The article mentioned Sears having sold 50 houses in La Porte, Indiana... but, interestingly, Sears had actually provided the funding and the houses, knowing that the area was in need of housing right away, and offered to have the houses paid for on time. Sears provided "capital and materials", on the condition that lots and foundations were already in place. The article explained that Sears had already sold five houses that were in the midst of construction, and these first houses were all of three different models, and at least 50 more would be built... with the possibility that a total of 200 might find their way to the streets of La Porte (it doesn't look like that happened).
We looked around a bit, but only found a few possibilities at that time... I think that maybe Google maps Streetview wasn't great quality on many of the streets. We found and listed about three houses, I think... but didn't really focus on La Porte much more than that day in 2015.
Fast forward to this past summer --early August of 2022. Andrew Mutch ran across that same article in the American Lumberman, and posted in our group, asking if anyone was interested in looking for some of the old models that might be around. I think that we had only a handful of houses already on the list... a few Whitehall models, and a few Rossville/No. 171 examples, and that was about it.
But, looking in Rebecca L. Hunter's Putting Sears Homes On the Map
book, we found that she had provided the address for one of the houses, and had noted that La Porte had a neighborhood with about 20 Sears houses in it, around the area of that house. So, new member, Matthew, and I set about looking around, as I recall. Matthew opened our eyes about one major thing: the difference between the Sears Rossville
(No. 171) and the Sears Greenview
(No. 115). That opened us up to find far more houses.
This is what these two models look like, in the catalogs (these are from the 1911/1912 catalog):
|And, to top it off, Gordon-Van Tine has a model almost the same.|
Up until this point, we weren't really sure what the difference was between these two models. HBM (Houses By Mail) listed them both on the same page, not even showing the Greenview, just saying that it was pretty much similar to the Rossville, except for the turned porch columns. The floor plans of the two houses were not even both shown, and so, whenever we found one of these, we were never really sure which one it might be. You can see a little fancier decorative trim up in the gables of the Rossville, and an added porch section in the back, but newer siding, and porch enclosures in modern times, would mean that we probably wouldn't even see those items these many years after the houses were built. You can see that the catalog images show the cross gable connecting to the main roof a little differently, but the chimney is in the same place.... and, besides, these kinds of old farmhouses are pretty abundant in old midwestern towns, and 98% of them won't be Sears models. So... they weren't hopping out at us as we searched the streets of midwestern towns.
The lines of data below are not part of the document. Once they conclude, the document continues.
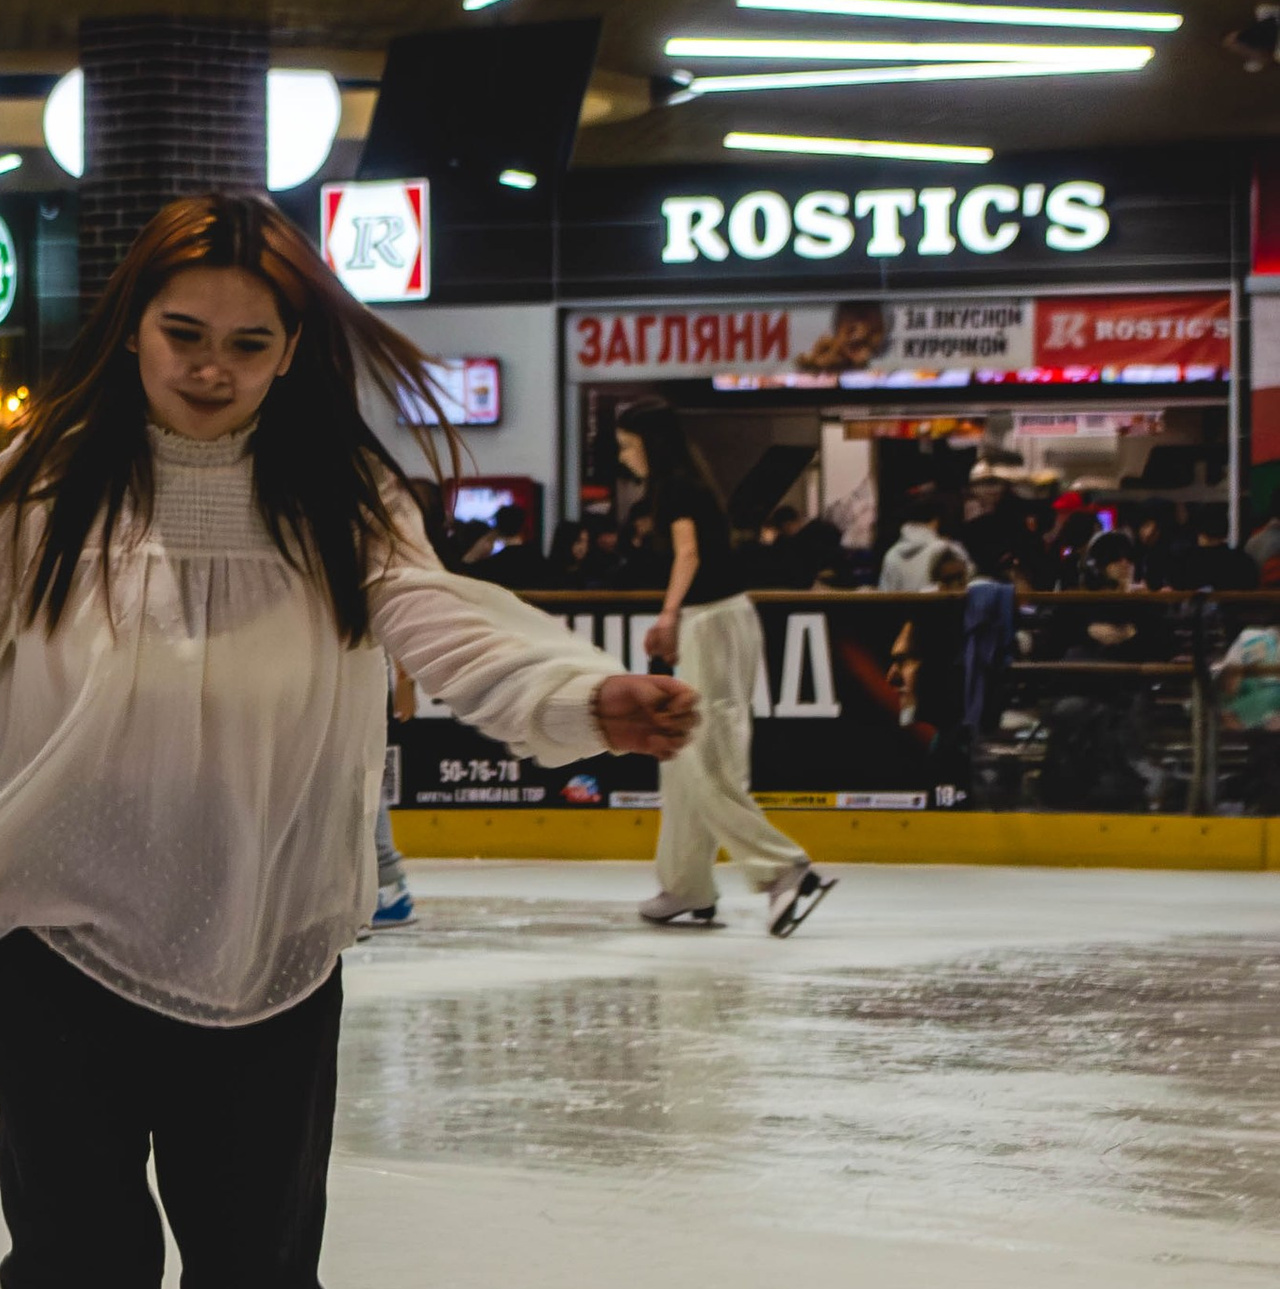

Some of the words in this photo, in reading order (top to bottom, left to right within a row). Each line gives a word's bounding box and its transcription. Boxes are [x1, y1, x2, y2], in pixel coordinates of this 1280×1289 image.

[345, 216, 405, 270] R
[661, 180, 1111, 263] ROSTIC'S
[577, 311, 789, 367] ЗАГЛЯНИ
[1095, 316, 1231, 343] ROSTIC'S
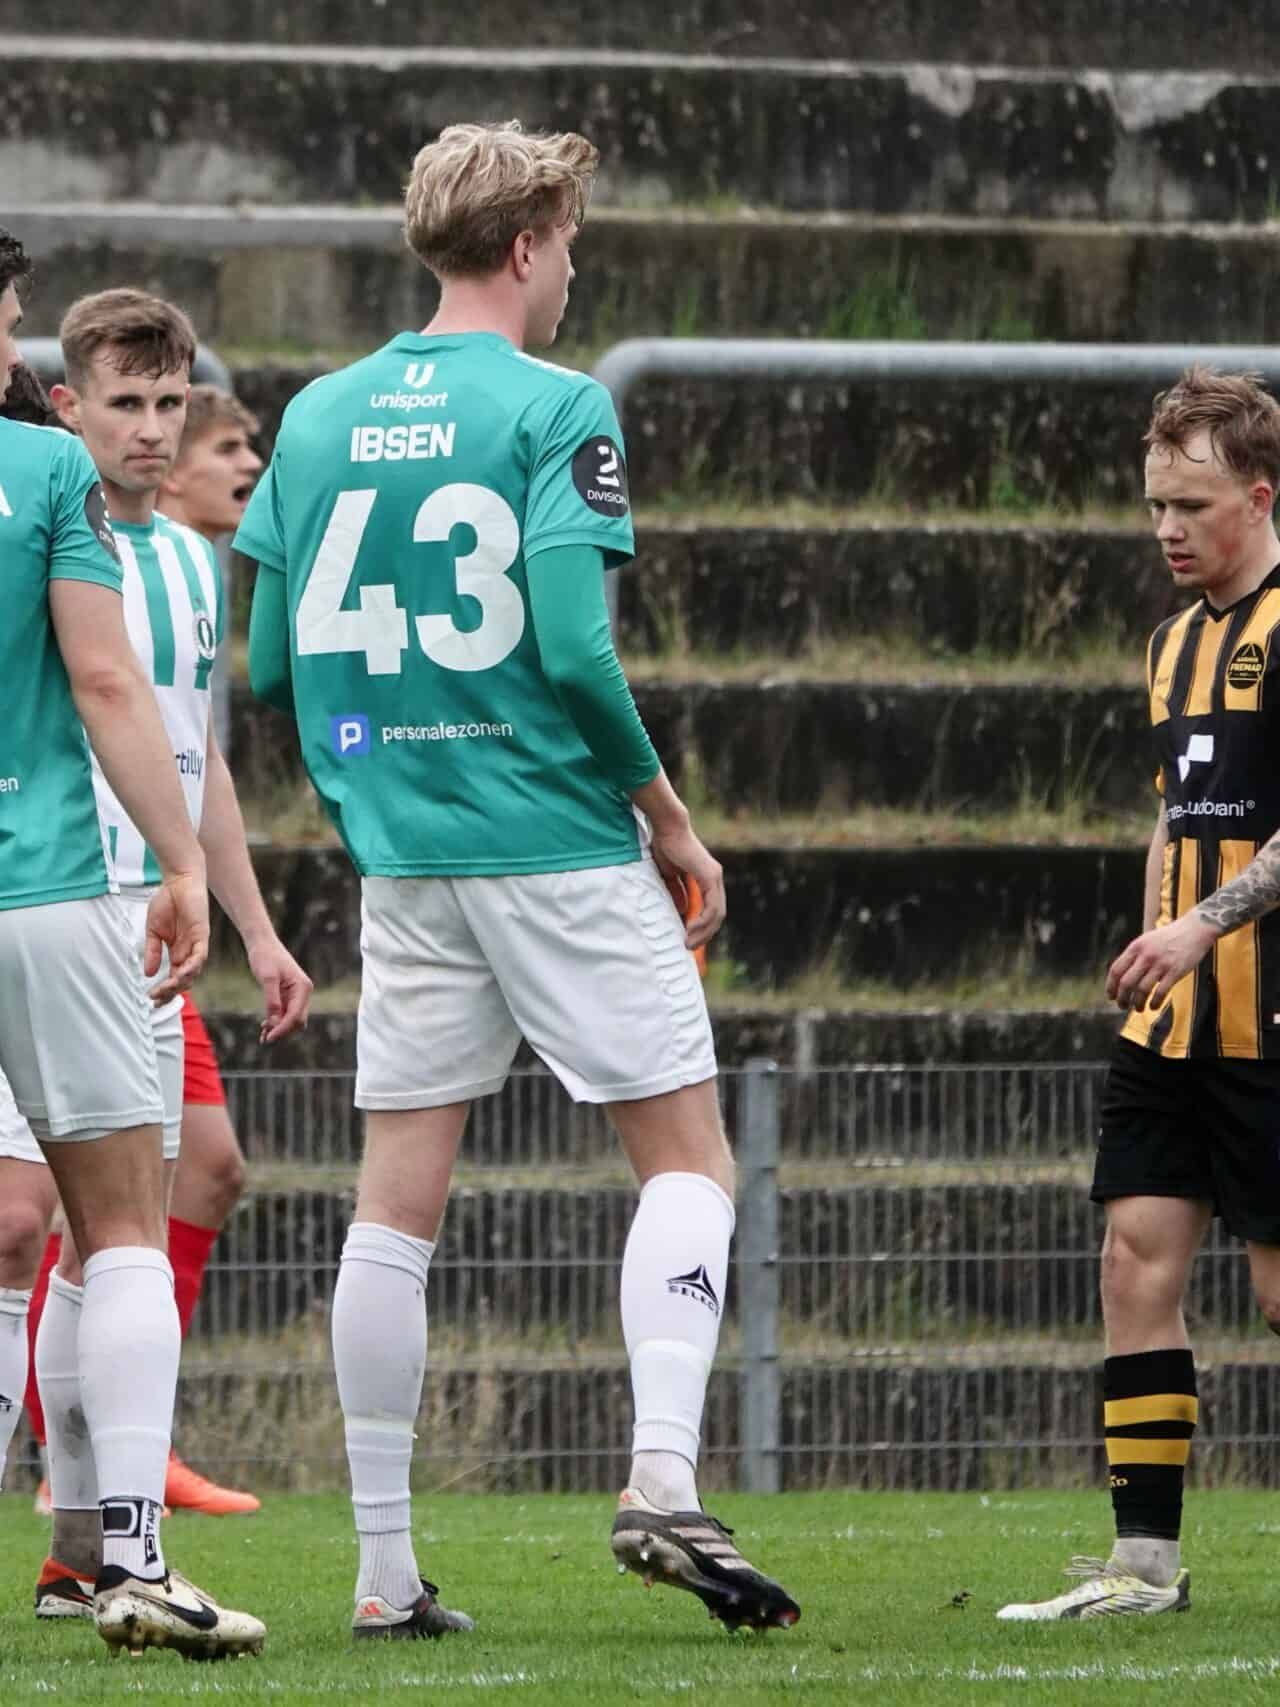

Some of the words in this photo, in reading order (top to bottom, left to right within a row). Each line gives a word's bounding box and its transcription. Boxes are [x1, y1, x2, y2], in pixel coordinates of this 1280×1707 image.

[370, 391, 448, 411] unisport
[350, 422, 456, 462] IBSEN
[595, 444, 620, 488] 2
[296, 482, 525, 675] 43
But... Matthew has a way of pulling everything together and spitting out a coherent comparative analysis... with visuals... that helps us see what we hadn't noticed previously. In this case, the problem was that we couldn't see the left side of these models, just by looking at the catalog and the floor plans. Let's take a look at a comparison of that side, for these two models:
|You can clearly see a major difference on this side of the houses. |
Also, the front view shows us how the front porch roof connects to the house differently, across these two models. According to the catalog image, both models have only a partial porch at the front of the house. The Greenview/No. 115 cuts off abruptly, right in the middle of the front facade, even with the left side of the upper window, and it then has a straight slope porch roof jutting out. The Rossville/No. 171's porch roof (when it is a partial porch) connects to the house far to the right side of that upper window... and then has a wedge-shape side part to that roof, so that both models end the porch just to the edge of the front door, but with a very different treatment to the shape of the porch roof there. However, as you can see in the photos above, that showed the sides of the house, the Rossville/No. 171 often has a full front porch that ends up extending all the way to the left side of the house. We saw that on numerous Rossville/No. 171 examples in La Porte.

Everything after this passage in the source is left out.